(Stored data entries)
......
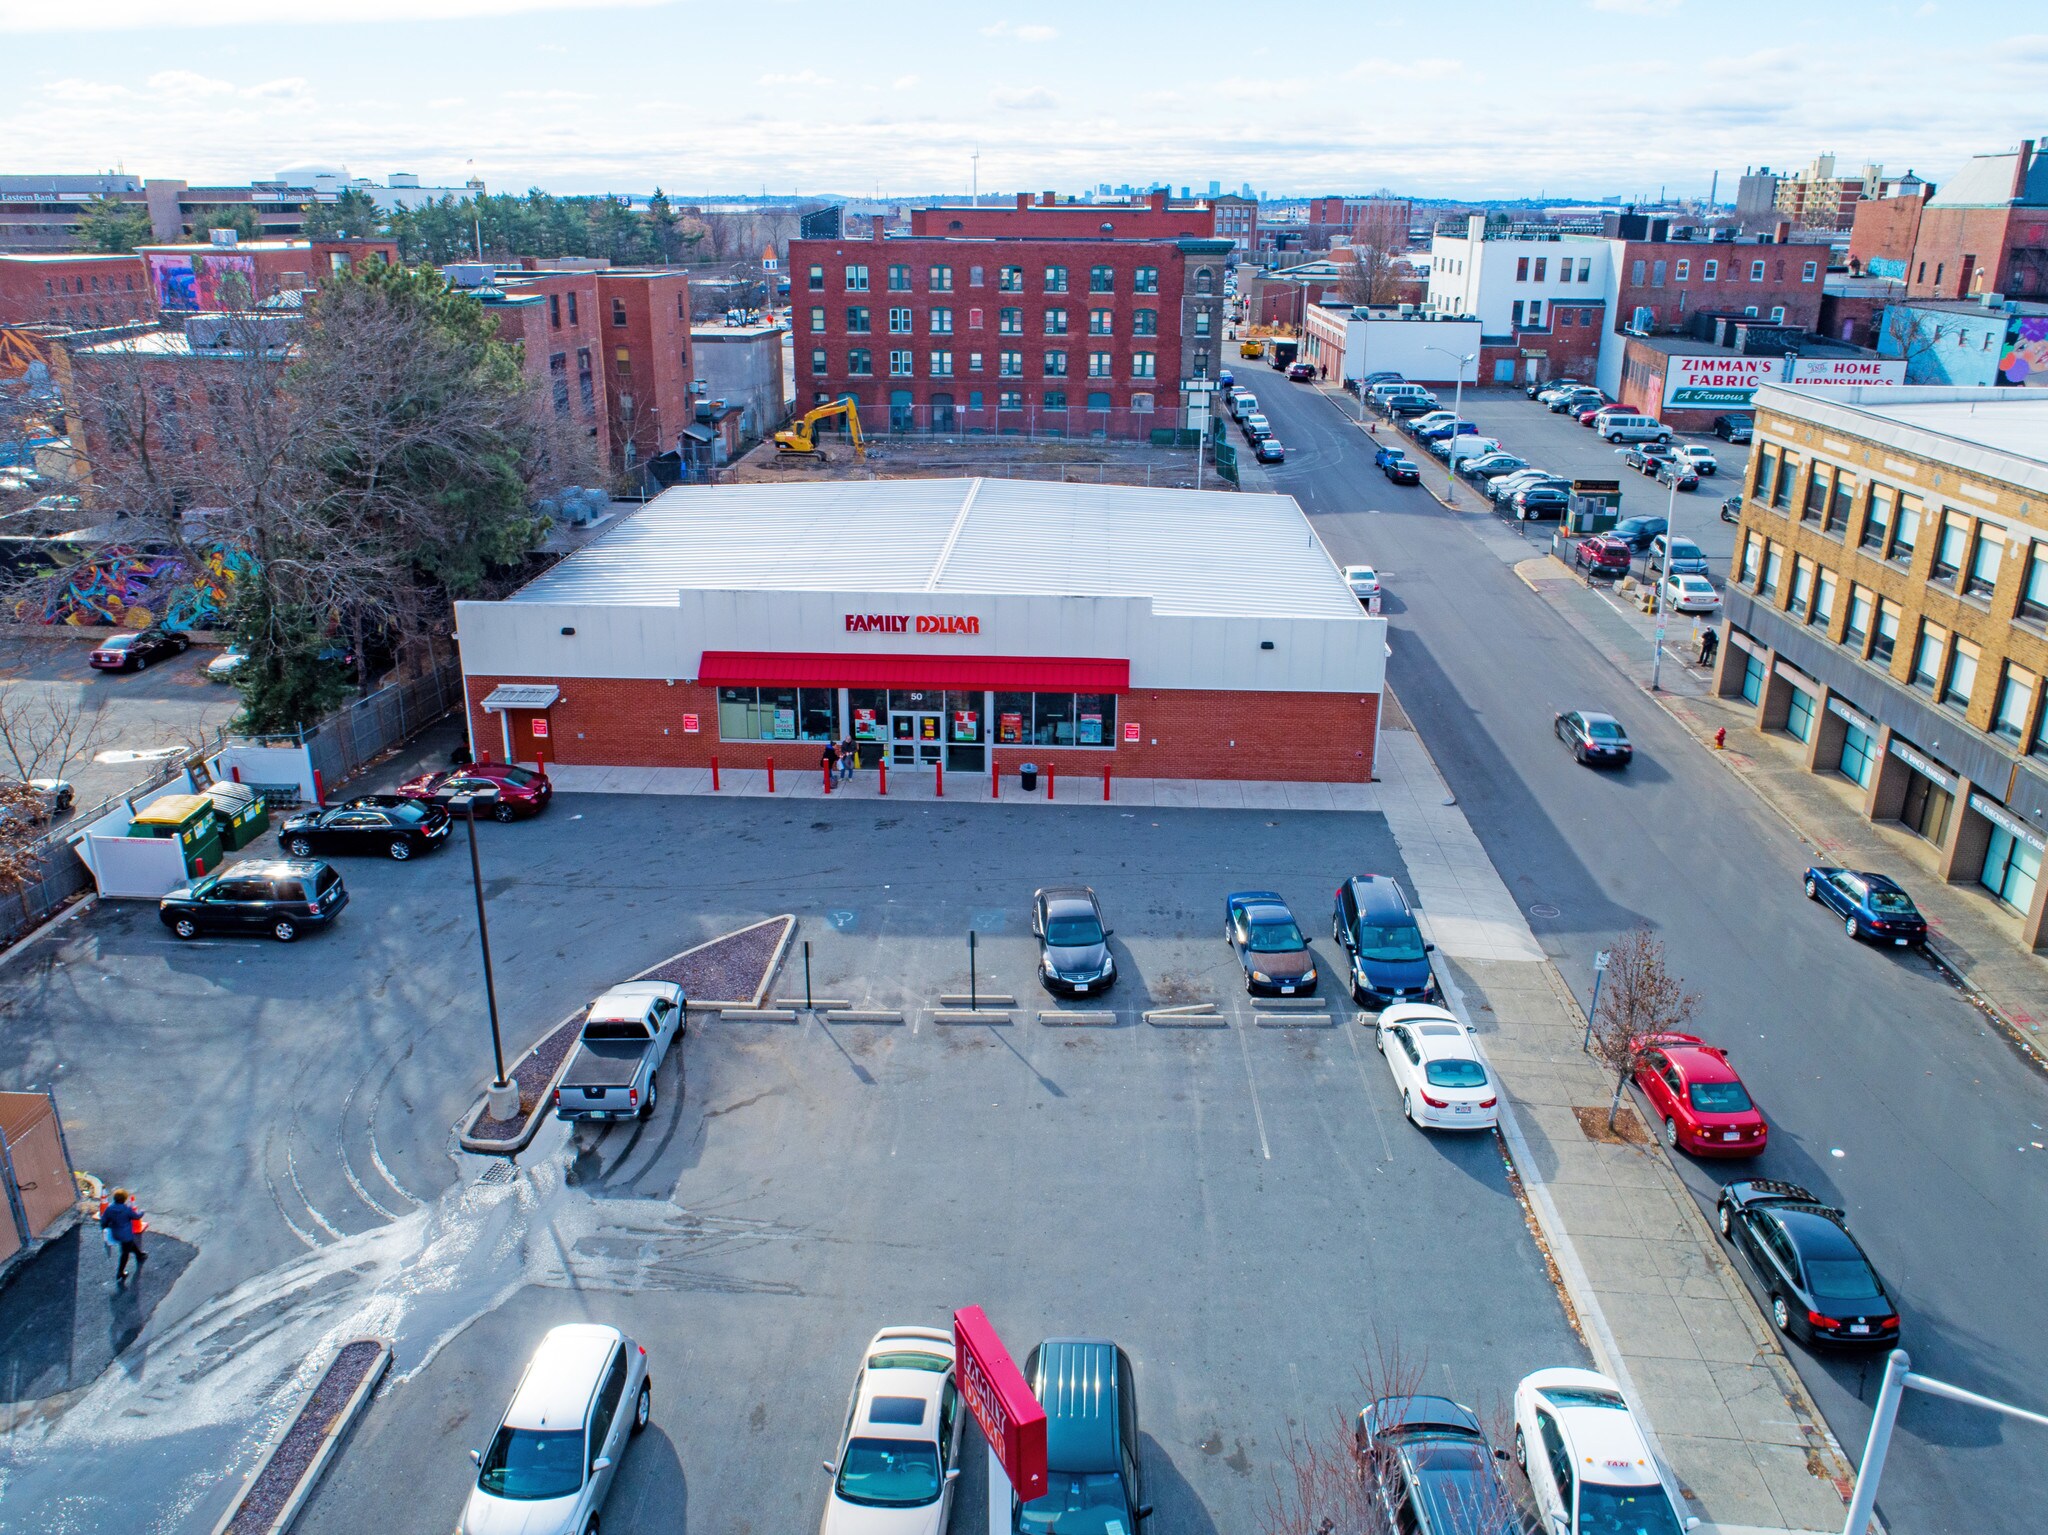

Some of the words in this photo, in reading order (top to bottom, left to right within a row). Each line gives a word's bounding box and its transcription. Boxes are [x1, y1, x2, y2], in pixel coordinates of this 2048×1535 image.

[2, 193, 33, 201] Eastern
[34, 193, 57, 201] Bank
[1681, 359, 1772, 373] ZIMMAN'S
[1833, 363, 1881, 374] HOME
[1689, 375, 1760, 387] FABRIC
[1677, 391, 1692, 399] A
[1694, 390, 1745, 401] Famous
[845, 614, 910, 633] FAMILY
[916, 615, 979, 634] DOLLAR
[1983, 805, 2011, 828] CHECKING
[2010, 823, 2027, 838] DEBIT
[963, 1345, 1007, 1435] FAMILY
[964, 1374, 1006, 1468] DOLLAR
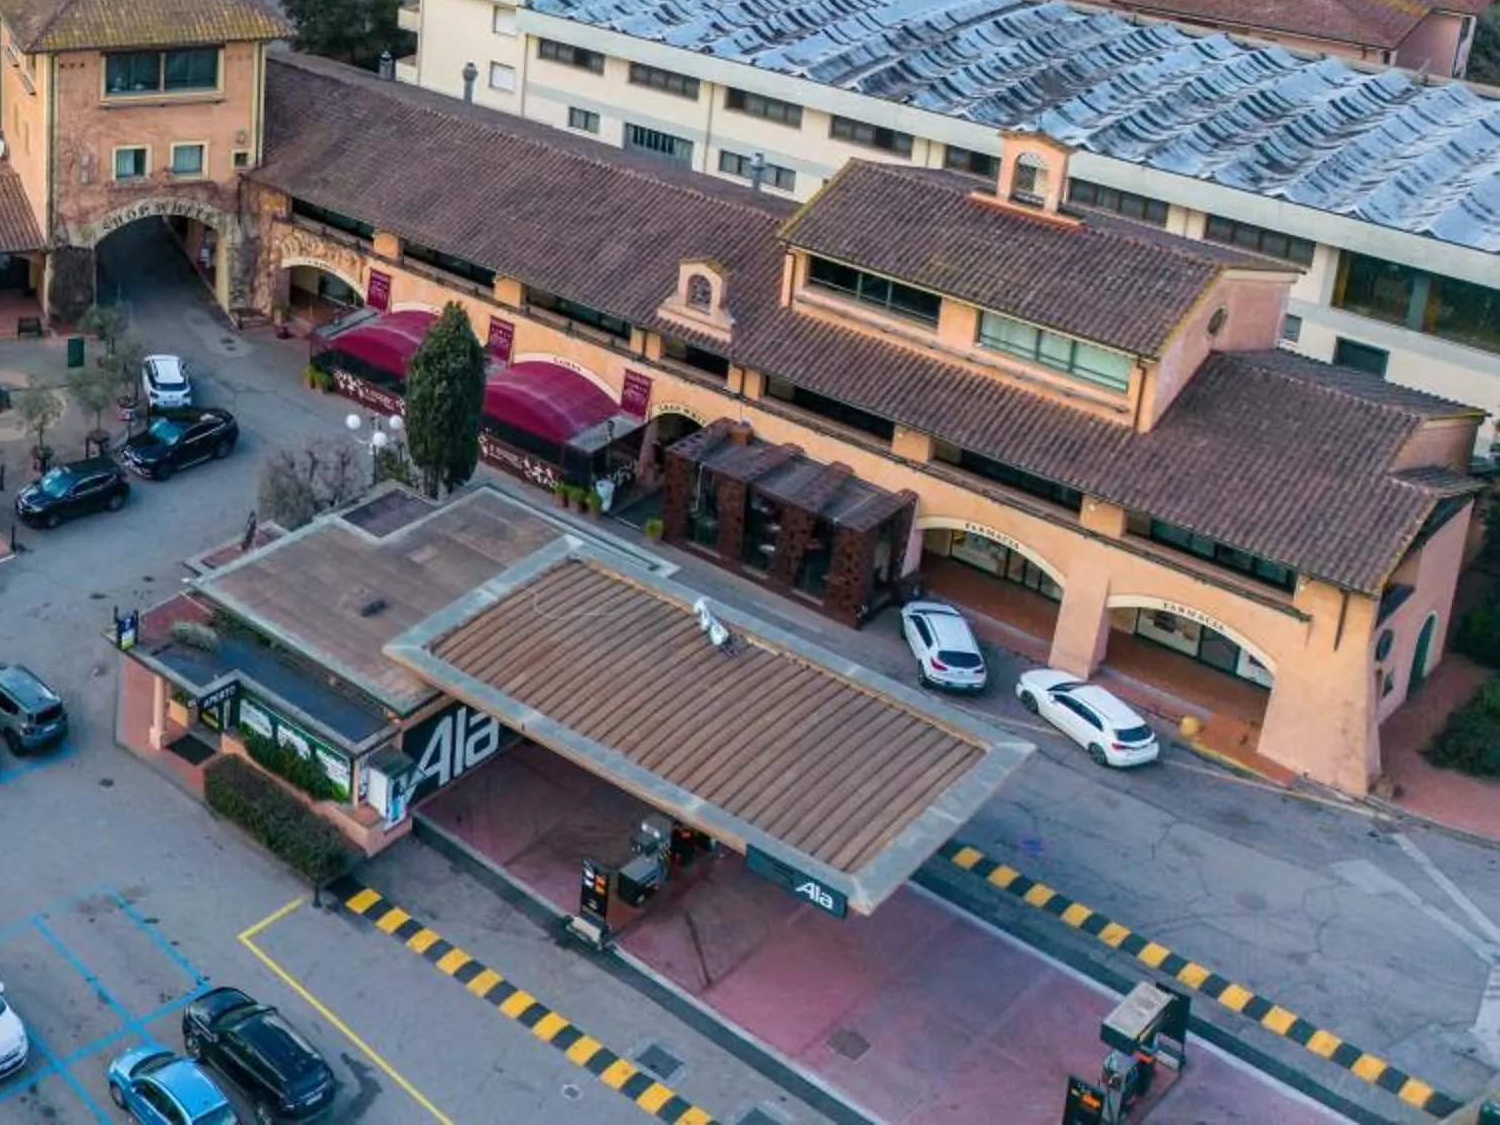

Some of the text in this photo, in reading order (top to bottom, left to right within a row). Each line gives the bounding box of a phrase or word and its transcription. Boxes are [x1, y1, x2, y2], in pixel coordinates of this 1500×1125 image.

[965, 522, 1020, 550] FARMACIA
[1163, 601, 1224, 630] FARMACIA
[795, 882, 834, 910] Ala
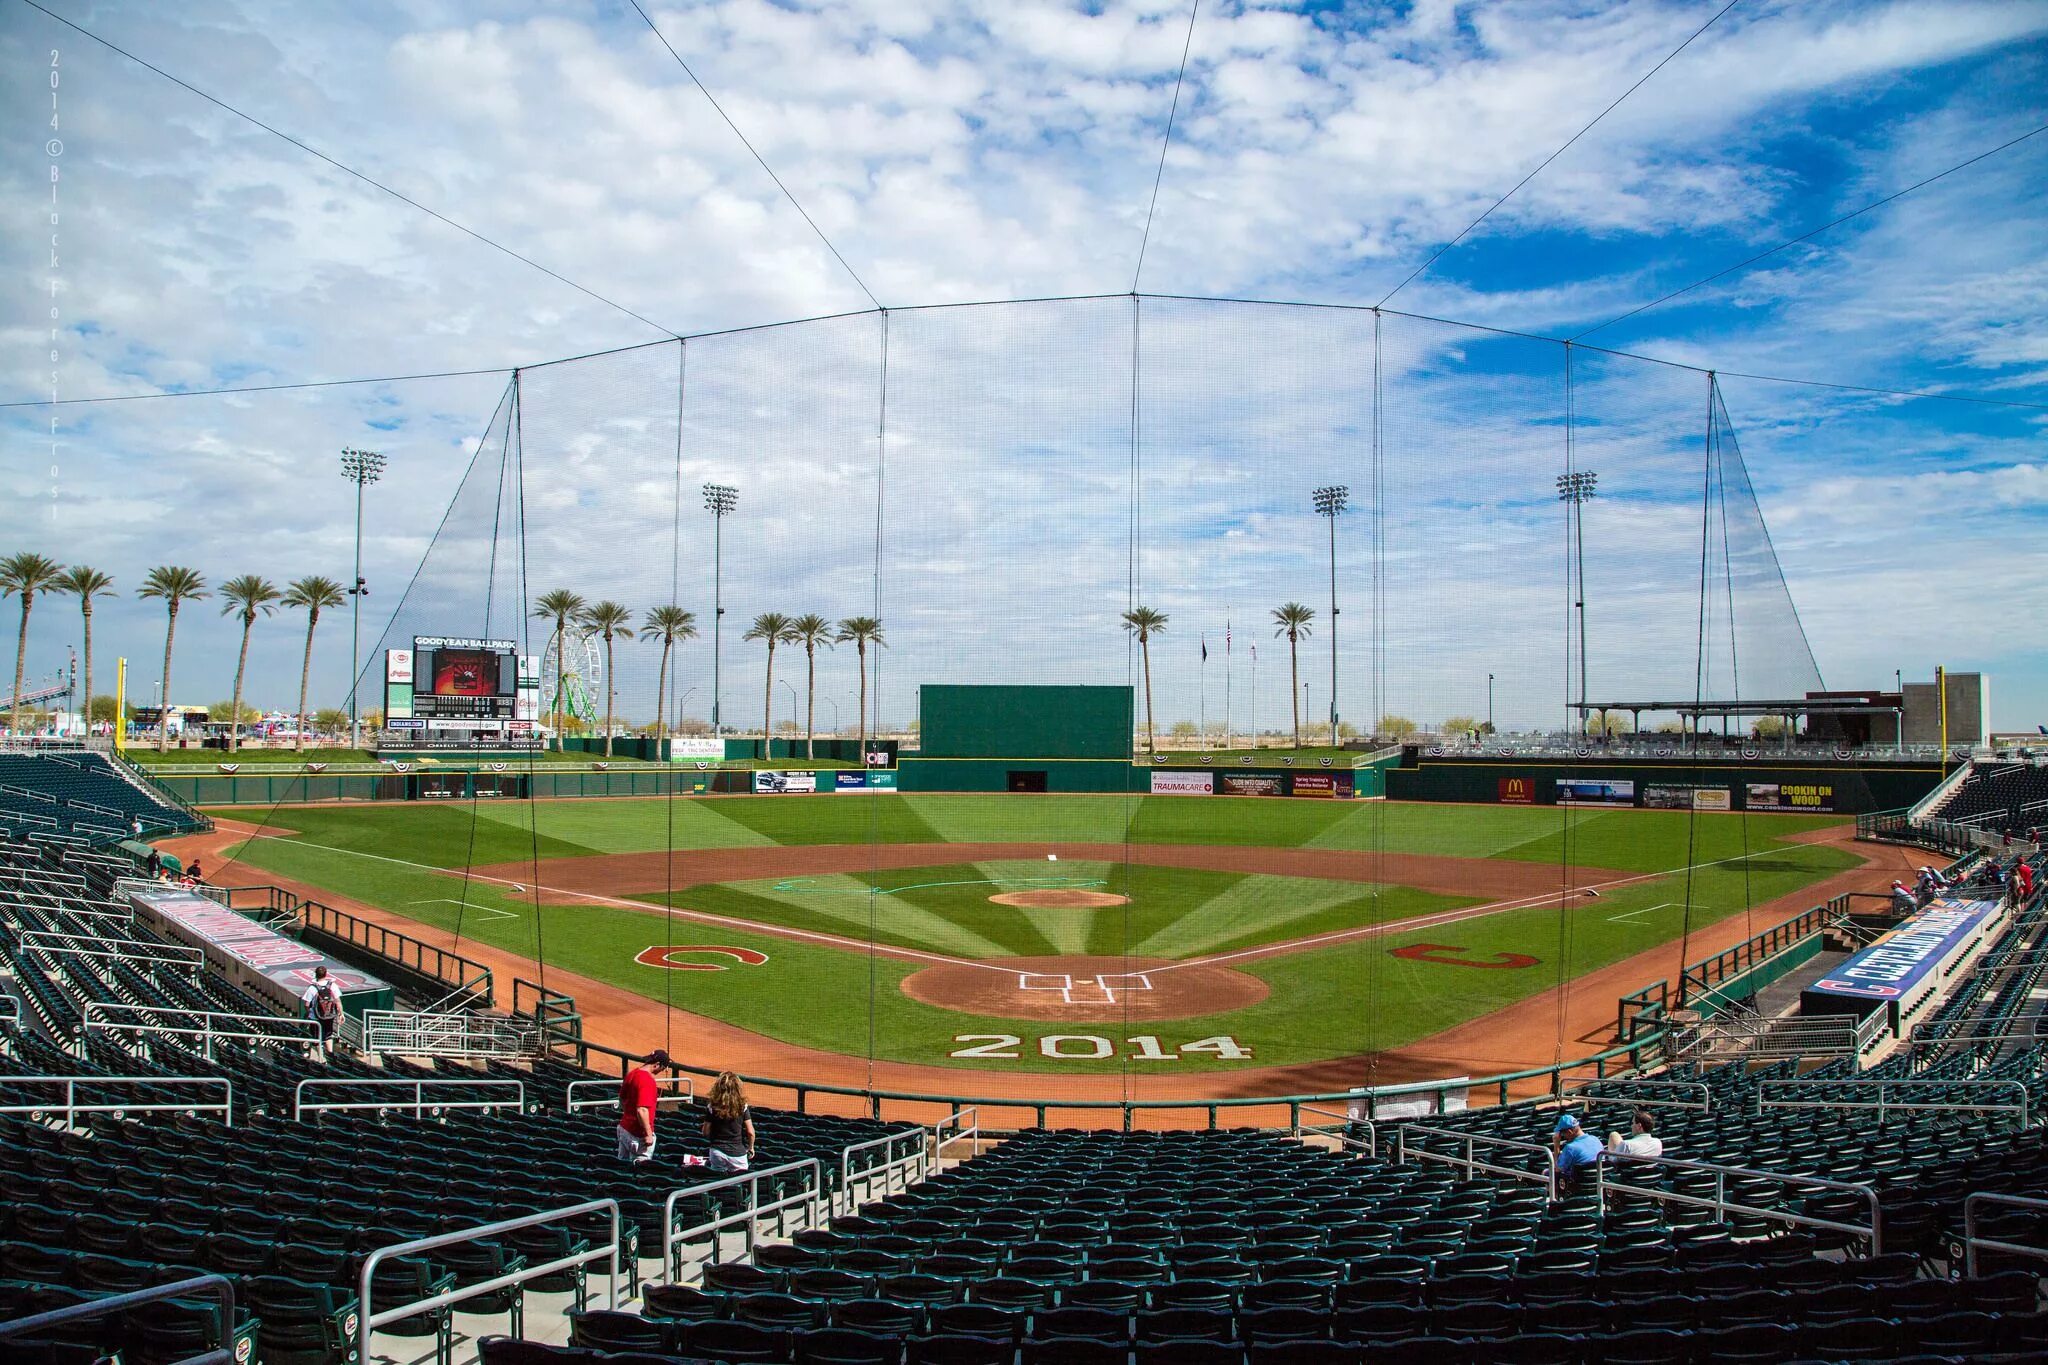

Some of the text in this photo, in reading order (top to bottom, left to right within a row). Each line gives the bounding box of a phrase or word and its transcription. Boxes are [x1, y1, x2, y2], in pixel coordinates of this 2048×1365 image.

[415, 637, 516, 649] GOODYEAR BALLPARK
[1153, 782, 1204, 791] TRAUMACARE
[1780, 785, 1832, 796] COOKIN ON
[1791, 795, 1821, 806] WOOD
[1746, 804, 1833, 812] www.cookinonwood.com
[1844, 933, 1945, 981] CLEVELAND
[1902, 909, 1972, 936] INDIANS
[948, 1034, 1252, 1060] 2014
......
=== EXERCISE BRIEF ===
Every entry above should be restated word for word, with the images left out.

=== WRITTEN SOLUTION ===
Some of the words in this photo, in reading order (top to bottom, left to right within a row). Each line gives a word's bounding box and its transcription. Boxes are [x1, y1, x2, y2], in pixel coordinates of this 2048×1535 image.

[2, 193, 33, 201] Eastern
[34, 193, 57, 201] Bank
[1681, 359, 1772, 373] ZIMMAN'S
[1833, 363, 1881, 374] HOME
[1689, 375, 1760, 387] FABRIC
[1677, 391, 1692, 399] A
[1694, 390, 1745, 401] Famous
[845, 614, 910, 633] FAMILY
[916, 615, 979, 634] DOLLAR
[1983, 805, 2011, 828] CHECKING
[2010, 823, 2027, 838] DEBIT
[963, 1345, 1007, 1435] FAMILY
[964, 1374, 1006, 1468] DOLLAR

Some of the text in this photo, in reading order (top to bottom, left to right within a row). Each line gives the bounding box of a phrase or word and its transcription. Boxes are [x1, y1, x2, y2], in pixel coordinates of this 1500×1125 image.

[965, 522, 1020, 550] FARMACIA
[1163, 601, 1224, 630] FARMACIA
[795, 882, 834, 910] Ala

Some of the text in this photo, in reading order (top to bottom, left to right within a row). Each line gives the bounding box of a phrase or word and its transcription. Boxes are [x1, y1, x2, y2], in pixel coordinates of this 2048×1365 image.

[415, 637, 516, 649] GOODYEAR BALLPARK
[1153, 782, 1204, 791] TRAUMACARE
[1780, 785, 1832, 796] COOKIN ON
[1791, 795, 1821, 806] WOOD
[1746, 804, 1833, 812] www.cookinonwood.com
[1844, 933, 1945, 981] CLEVELAND
[1902, 909, 1972, 936] INDIANS
[948, 1034, 1252, 1060] 2014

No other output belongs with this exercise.